Chapter 10: ConceptMap-Text — Data Input and Preprocessing
ConceptMap-Text is a 7-step wizard for building concept structure models (GNG-MST) from text data. Access it by clicking “Model & Explore” in the sidebar.
10.1 Screen Layout
The ConceptMap-Text screen has the following layout:
Left Sidebar (Step Navigation):
- 7 step buttons arranged vertically
- Current step is highlighted
- Incomplete steps are grayed out and non-clickable
- Completed steps show a green checkmark
- “Save/Load” button at the bottom
Main Area:
- Control panel corresponding to the selected step
Step Order:
- Data Input → 2. Embedding → 3. Dimension Reduction → 4. Feature Settings → 5. Model Build → 6. Clustering → 7. Exploration
Each step requires the previous step to be completed. However, you can go back to a completed step and re-run it (subsequent steps will be reset).
10.2 Step 1: Data Input
Specify data sources and text columns.
Project and File Selection
- Select a project from the “Project” dropdown (created in AutoResearch)
- Select a CSV file from the “File” dropdown
- A preview of the first few rows and column list are displayed
Column Role Assignment
Assign roles to each CSV column by clicking buttons:
| Role | Button Color | Description | Purpose |
|---|---|---|---|
| Text | Blue | Used as text data for analysis | Target for embedding → model building |
| Numeric | Green | Numeric data | Metadata for profile analysis |
| Categorical | Purple | Categorical data | Filtering for cluster analysis |
| Reference | Yellow | Display only as reference | Shown in node details during exploration |
| Unused | Gray | Not used in analysis | Exclude unnecessary columns |
Important: At least one column must be set to “Text”. If no Text column is selected, you cannot proceed to the next step.
Recommended Settings Example (for concept extraction CSV):
concept_name_en→ Text (main modeling target)summary_en→ Text (include summaries in modeling)trigger_context_en→ Text or Referenceabstract_structure_en→ Text or Referencechapter_section→ Categoricalchunk_index→ Numeric or Unusedbook,author→ Referencekey_terms→ Reference or Unused
CCM (Connected Concept Model) Building:
Setting multiple Text columns creates independent models for each column, cross-referenced by row index to create a CCM. For example, setting both concept_name_en and summary_en to Text builds a concept name model and a summary model linked together.
Loading Data
- Once all column roles are set, click “Load Data”
- CSV data is sent to the engine
- On success, a preview table of the first 20 rows is displayed
- This step is marked “Complete” and the next step (Embedding) unlocks
Note: Re-running “Load Data” resets the engine session and all subsequent steps (embedding, dimension reduction, model, etc.).
10.3 Step 2: Embedding
Converts text data into high-dimensional vector space.
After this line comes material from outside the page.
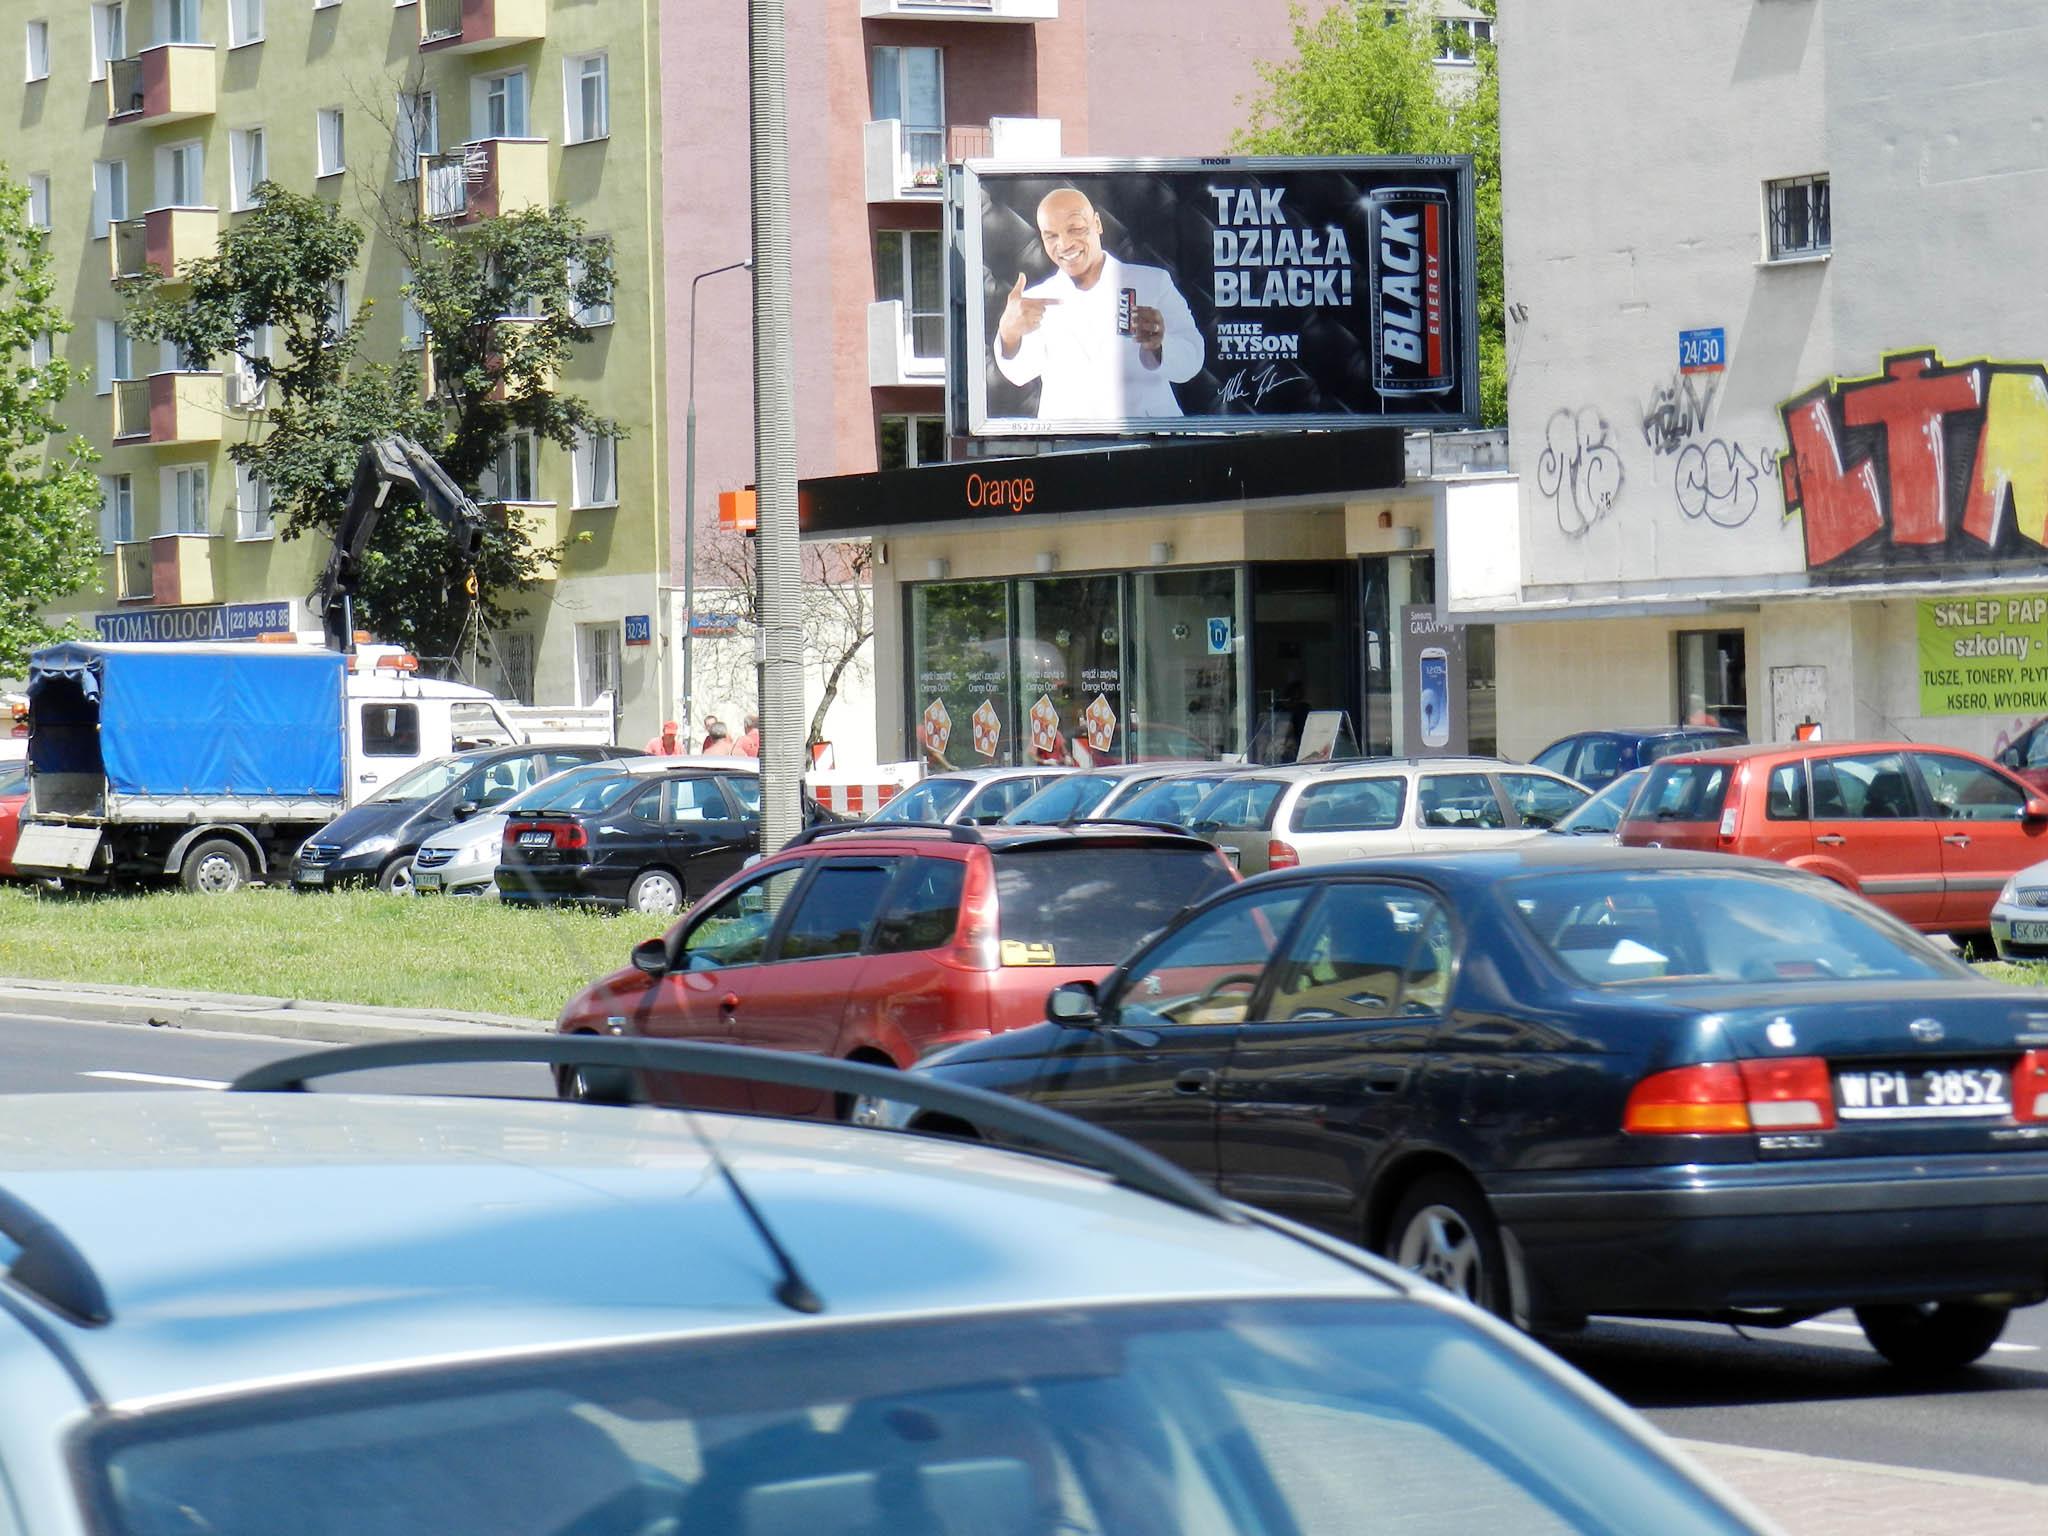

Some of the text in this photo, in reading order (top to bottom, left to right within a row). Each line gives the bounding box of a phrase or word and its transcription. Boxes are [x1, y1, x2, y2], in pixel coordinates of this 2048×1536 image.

Semantically similar texts become similar vectors, forming the foundation for subsequent analysis.
Settings
Model Selection:
| Model | Dimensions | Features | Recommended Use |
|---|---|---|---|
| text-embedding-3-small | 1536 | Fast, low cost. Sufficient accuracy | Normal use (recommended) |
| text-embedding-3-large | 3072 | High accuracy. More processing time/cost | When high accuracy is needed |
Dimension Selection:
| Option | Description |
|---|---|
| Auto | Uses the model’s default dimensions (recommended) |
| 256 | Low dimensional. Fast but may lose accuracy |
| 512 | Balanced |
| 1024 | Medium-high accuracy |
| 1536 | text-embedding-3-small default |
| 3072 | text-embedding-3-large default |
Recommendation: text-embedding-3-small + Auto is typically sufficient.
Steps
- Select model and dimensions
- Click “Generate Embeddings”
- A progress bar is displayed (seconds to minutes depending on data volume)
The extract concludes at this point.